Work instruction :: Could you reproduce all of these records exactly?

Information supplied ::
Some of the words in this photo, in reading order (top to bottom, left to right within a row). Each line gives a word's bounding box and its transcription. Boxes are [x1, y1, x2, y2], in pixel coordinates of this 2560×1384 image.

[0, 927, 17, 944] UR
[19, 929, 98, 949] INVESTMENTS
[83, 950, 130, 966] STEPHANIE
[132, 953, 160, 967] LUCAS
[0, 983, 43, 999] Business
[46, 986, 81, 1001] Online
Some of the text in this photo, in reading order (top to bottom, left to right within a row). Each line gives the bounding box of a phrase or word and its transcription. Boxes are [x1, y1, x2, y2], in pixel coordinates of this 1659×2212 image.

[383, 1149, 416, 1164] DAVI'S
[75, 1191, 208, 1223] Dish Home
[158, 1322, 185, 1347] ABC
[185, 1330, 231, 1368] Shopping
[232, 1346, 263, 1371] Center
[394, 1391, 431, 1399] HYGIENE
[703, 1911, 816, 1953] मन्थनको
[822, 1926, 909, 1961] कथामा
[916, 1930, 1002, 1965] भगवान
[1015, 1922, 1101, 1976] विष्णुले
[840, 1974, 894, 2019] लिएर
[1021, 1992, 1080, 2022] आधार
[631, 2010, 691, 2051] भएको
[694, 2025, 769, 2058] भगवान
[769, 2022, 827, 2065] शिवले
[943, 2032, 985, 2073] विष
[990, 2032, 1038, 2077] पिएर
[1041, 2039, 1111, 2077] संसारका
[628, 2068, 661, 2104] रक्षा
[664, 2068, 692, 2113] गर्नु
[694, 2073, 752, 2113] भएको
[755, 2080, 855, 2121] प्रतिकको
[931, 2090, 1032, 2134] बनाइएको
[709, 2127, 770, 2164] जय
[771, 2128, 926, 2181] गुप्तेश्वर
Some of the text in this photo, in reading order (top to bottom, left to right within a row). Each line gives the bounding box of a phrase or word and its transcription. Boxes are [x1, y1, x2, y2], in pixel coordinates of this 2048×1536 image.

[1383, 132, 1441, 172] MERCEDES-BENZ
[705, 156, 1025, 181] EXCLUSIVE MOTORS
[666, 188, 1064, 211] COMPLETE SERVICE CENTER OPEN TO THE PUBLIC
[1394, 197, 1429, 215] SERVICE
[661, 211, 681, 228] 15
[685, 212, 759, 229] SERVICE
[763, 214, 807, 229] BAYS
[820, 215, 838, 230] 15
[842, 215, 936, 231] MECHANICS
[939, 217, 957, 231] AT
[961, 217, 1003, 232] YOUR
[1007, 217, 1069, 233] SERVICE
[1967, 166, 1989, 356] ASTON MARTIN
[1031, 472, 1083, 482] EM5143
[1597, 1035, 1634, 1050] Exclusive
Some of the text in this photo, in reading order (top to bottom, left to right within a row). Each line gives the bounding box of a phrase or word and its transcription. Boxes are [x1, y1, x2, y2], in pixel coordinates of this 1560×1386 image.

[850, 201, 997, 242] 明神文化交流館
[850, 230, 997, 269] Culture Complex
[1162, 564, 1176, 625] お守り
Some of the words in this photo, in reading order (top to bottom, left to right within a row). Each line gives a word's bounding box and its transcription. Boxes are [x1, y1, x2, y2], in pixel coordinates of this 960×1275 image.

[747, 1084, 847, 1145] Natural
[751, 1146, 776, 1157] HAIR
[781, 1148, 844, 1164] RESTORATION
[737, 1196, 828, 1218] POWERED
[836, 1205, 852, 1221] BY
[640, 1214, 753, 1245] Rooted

Your solution ::
Some of the words in this photo, in reading order (top to bottom, left to right within a row). Each line gives a word's bounding box and its transcription. Boxes are [x1, y1, x2, y2], in pixel coordinates of this 2560×1384 image.

[0, 927, 17, 944] UR
[19, 929, 98, 949] INVESTMENTS
[83, 950, 130, 966] STEPHANIE
[132, 953, 160, 967] LUCAS
[0, 983, 43, 999] Business
[46, 986, 81, 1001] Online
Some of the text in this photo, in reading order (top to bottom, left to right within a row). Each line gives the bounding box of a phrase or word and its transcription. Boxes are [x1, y1, x2, y2], in pixel coordinates of this 1659×2212 image.

[383, 1149, 416, 1164] DAVI'S
[75, 1191, 208, 1223] Dish Home
[158, 1322, 185, 1347] ABC
[185, 1330, 231, 1368] Shopping
[232, 1346, 263, 1371] Center
[394, 1391, 431, 1399] HYGIENE
[703, 1911, 816, 1953] मन्थनको
[822, 1926, 909, 1961] कथामा
[916, 1930, 1002, 1965] भगवान
[1015, 1922, 1101, 1976] विष्णुले
[840, 1974, 894, 2019] लिएर
[1021, 1992, 1080, 2022] आधार
[631, 2010, 691, 2051] भएको
[694, 2025, 769, 2058] भगवान
[769, 2022, 827, 2065] शिवले
[943, 2032, 985, 2073] विष
[990, 2032, 1038, 2077] पिएर
[1041, 2039, 1111, 2077] संसारका
[628, 2068, 661, 2104] रक्षा
[664, 2068, 692, 2113] गर्नु
[694, 2073, 752, 2113] भएको
[755, 2080, 855, 2121] प्रतिकको
[931, 2090, 1032, 2134] बनाइएको
[709, 2127, 770, 2164] जय
[771, 2128, 926, 2181] गुप्तेश्वर
Some of the text in this photo, in reading order (top to bottom, left to right within a row). Each line gives the bounding box of a phrase or word and its transcription. Boxes are [x1, y1, x2, y2], in pixel coordinates of this 2048×1536 image.

[1383, 132, 1441, 172] MERCEDES-BENZ
[705, 156, 1025, 181] EXCLUSIVE MOTORS
[666, 188, 1064, 211] COMPLETE SERVICE CENTER OPEN TO THE PUBLIC
[1394, 197, 1429, 215] SERVICE
[661, 211, 681, 228] 15
[685, 212, 759, 229] SERVICE
[763, 214, 807, 229] BAYS
[820, 215, 838, 230] 15
[842, 215, 936, 231] MECHANICS
[939, 217, 957, 231] AT
[961, 217, 1003, 232] YOUR
[1007, 217, 1069, 233] SERVICE
[1967, 166, 1989, 356] ASTON MARTIN
[1031, 472, 1083, 482] EM5143
[1597, 1035, 1634, 1050] Exclusive
Some of the text in this photo, in reading order (top to bottom, left to right within a row). Each line gives the bounding box of a phrase or word and its transcription. Boxes are [x1, y1, x2, y2], in pixel coordinates of this 1560×1386 image.

[850, 201, 997, 242] 明神文化交流館
[850, 230, 997, 269] Culture Complex
[1162, 564, 1176, 625] お守り
Some of the words in this photo, in reading order (top to bottom, left to right within a row). Each line gives a word's bounding box and its transcription. Boxes are [x1, y1, x2, y2], in pixel coordinates of this 960×1275 image.

[747, 1084, 847, 1145] Natural
[751, 1146, 776, 1157] HAIR
[781, 1148, 844, 1164] RESTORATION
[737, 1196, 828, 1218] POWERED
[836, 1205, 852, 1221] BY
[640, 1214, 753, 1245] Rooted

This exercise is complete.